Would it be possible to write out each entry below exactly, without the pictures?

== Data for processing

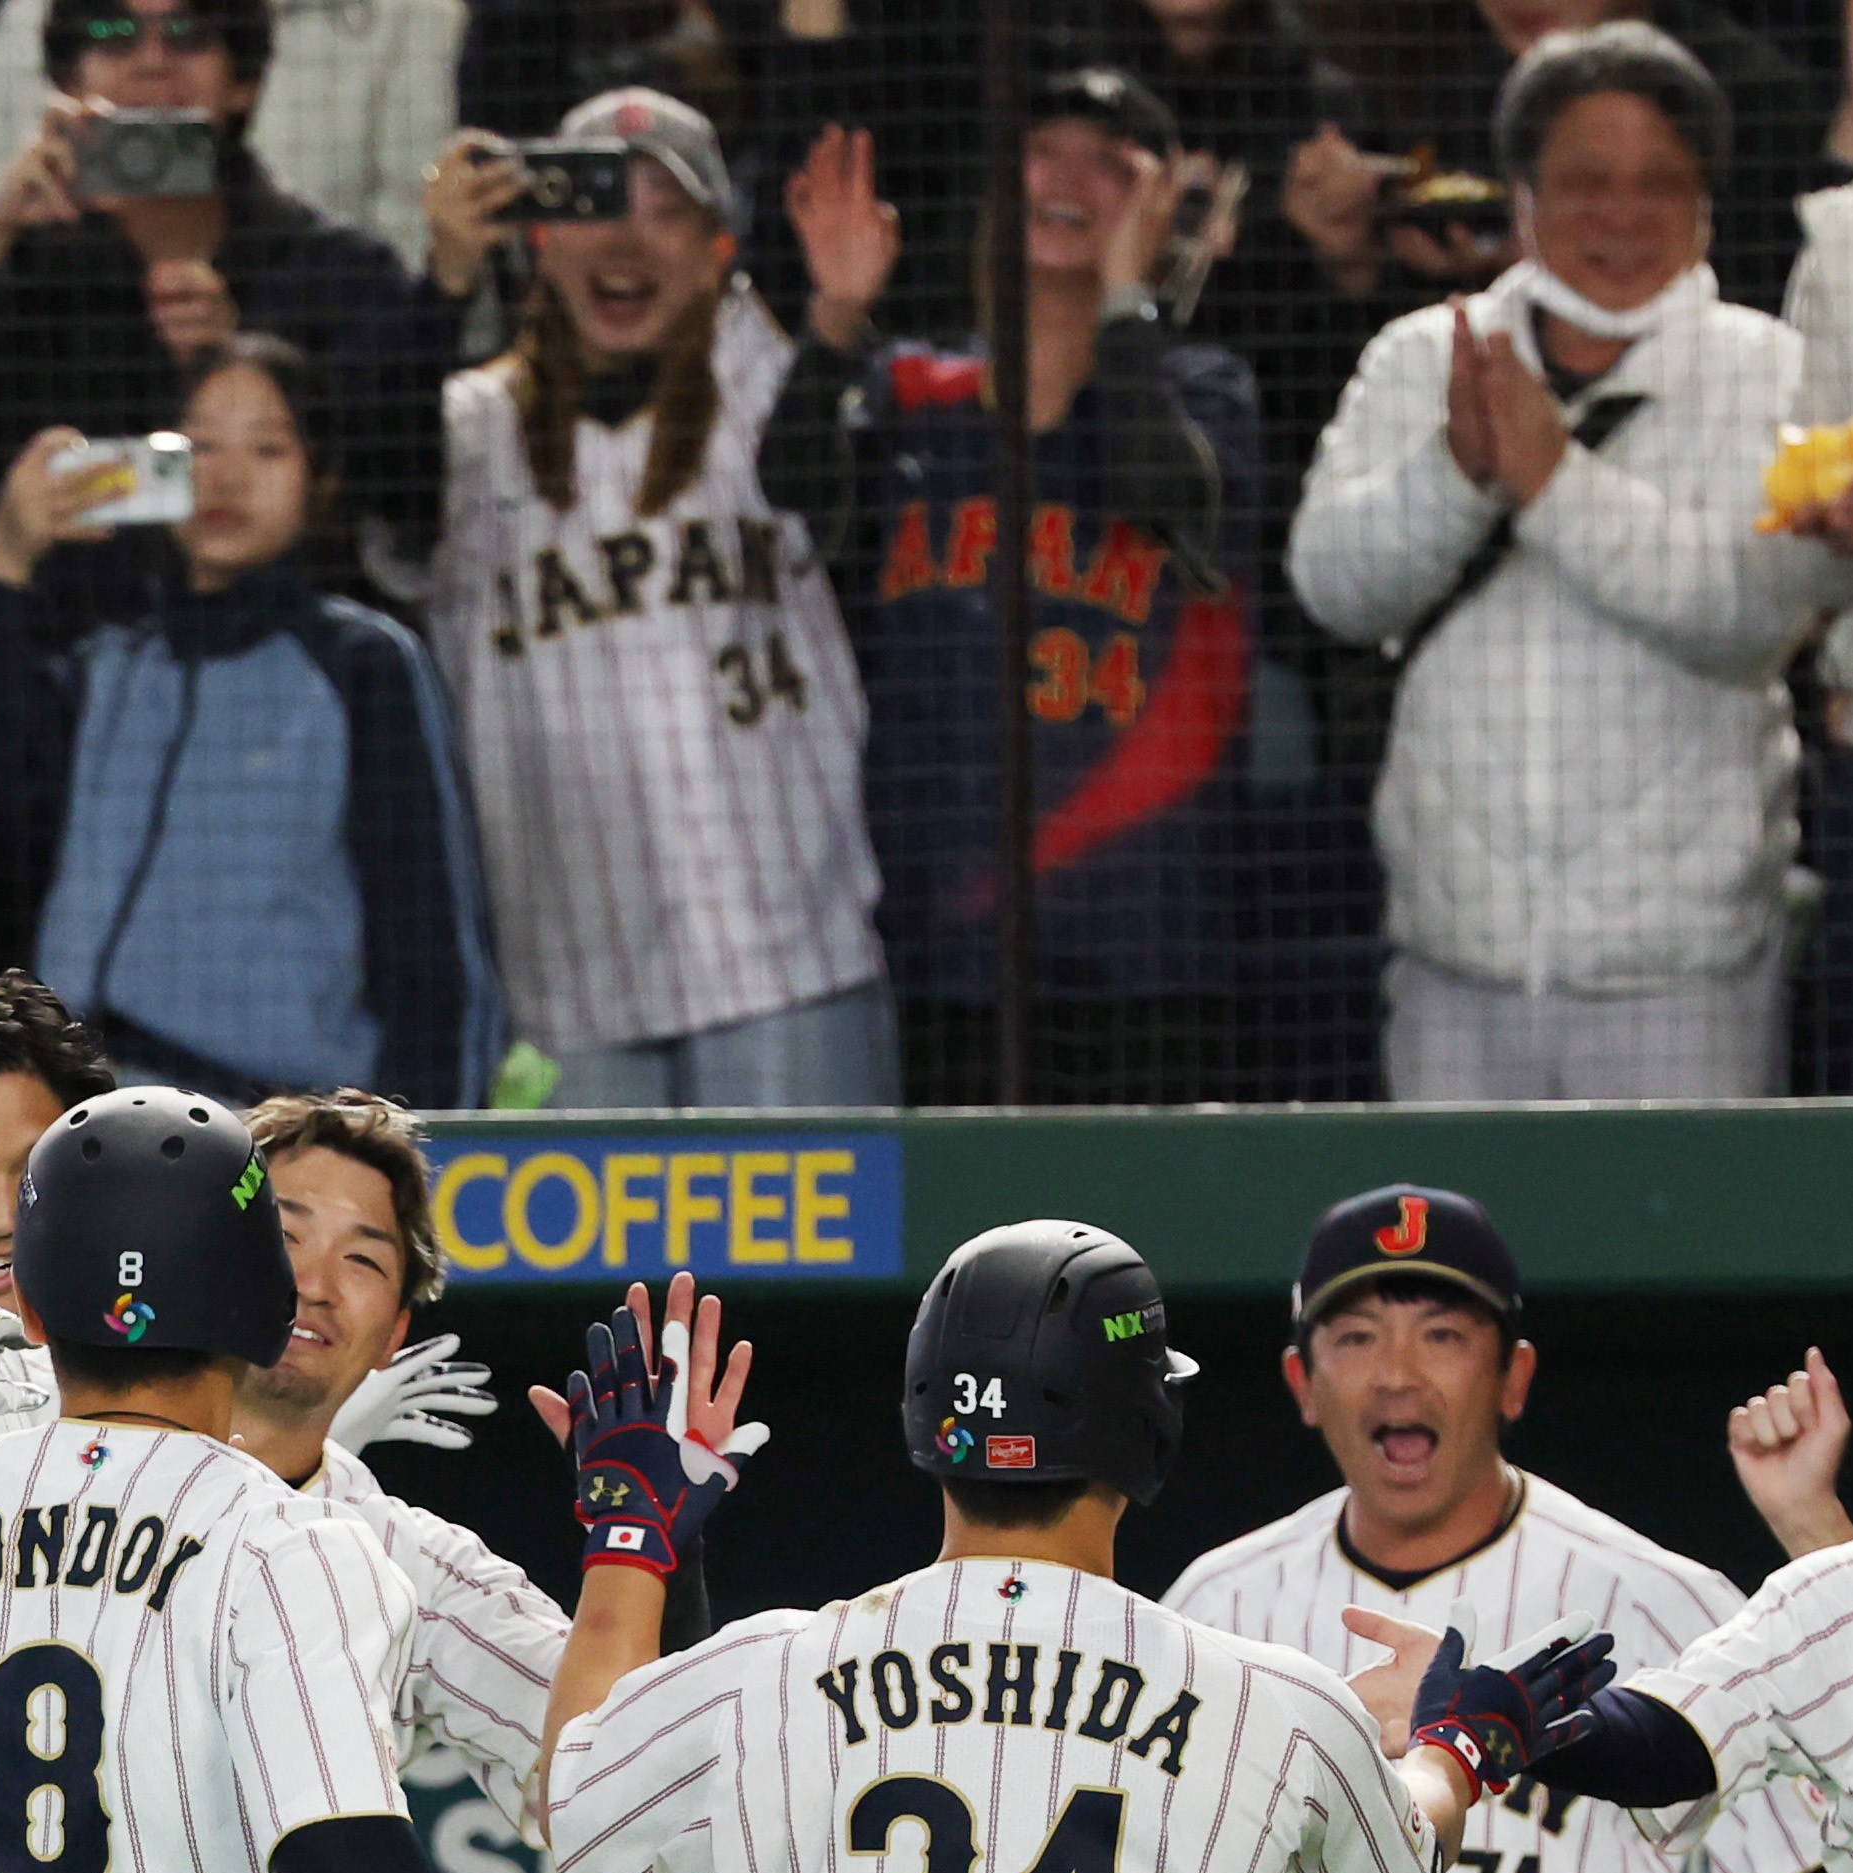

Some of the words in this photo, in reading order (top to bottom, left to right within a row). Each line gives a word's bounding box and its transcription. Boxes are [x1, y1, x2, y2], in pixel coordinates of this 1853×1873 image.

[880, 500, 1171, 625] APAN
[718, 630, 808, 728] 34
[1027, 626, 1148, 728] 34
[431, 1150, 856, 1270] COFFEE
[1374, 1195, 1429, 1257] J
[117, 1250, 145, 1288] 8
[1102, 1310, 1145, 1343] NX
[952, 1372, 1008, 1419] 34
[814, 1641, 1206, 1780] YOSHIDA

====

Problem solution
Some of the words in this photo, in reading order (top to bottom, left to right within a row). Each line gives a word's bounding box and its transcription. Boxes are [x1, y1, x2, y2], in pixel coordinates of this 1853×1873 image.

[880, 500, 1171, 625] APAN
[718, 630, 808, 728] 34
[1027, 626, 1148, 728] 34
[431, 1150, 856, 1270] COFFEE
[1374, 1195, 1429, 1257] J
[117, 1250, 145, 1288] 8
[1102, 1310, 1145, 1343] NX
[952, 1372, 1008, 1419] 34
[814, 1641, 1206, 1780] YOSHIDA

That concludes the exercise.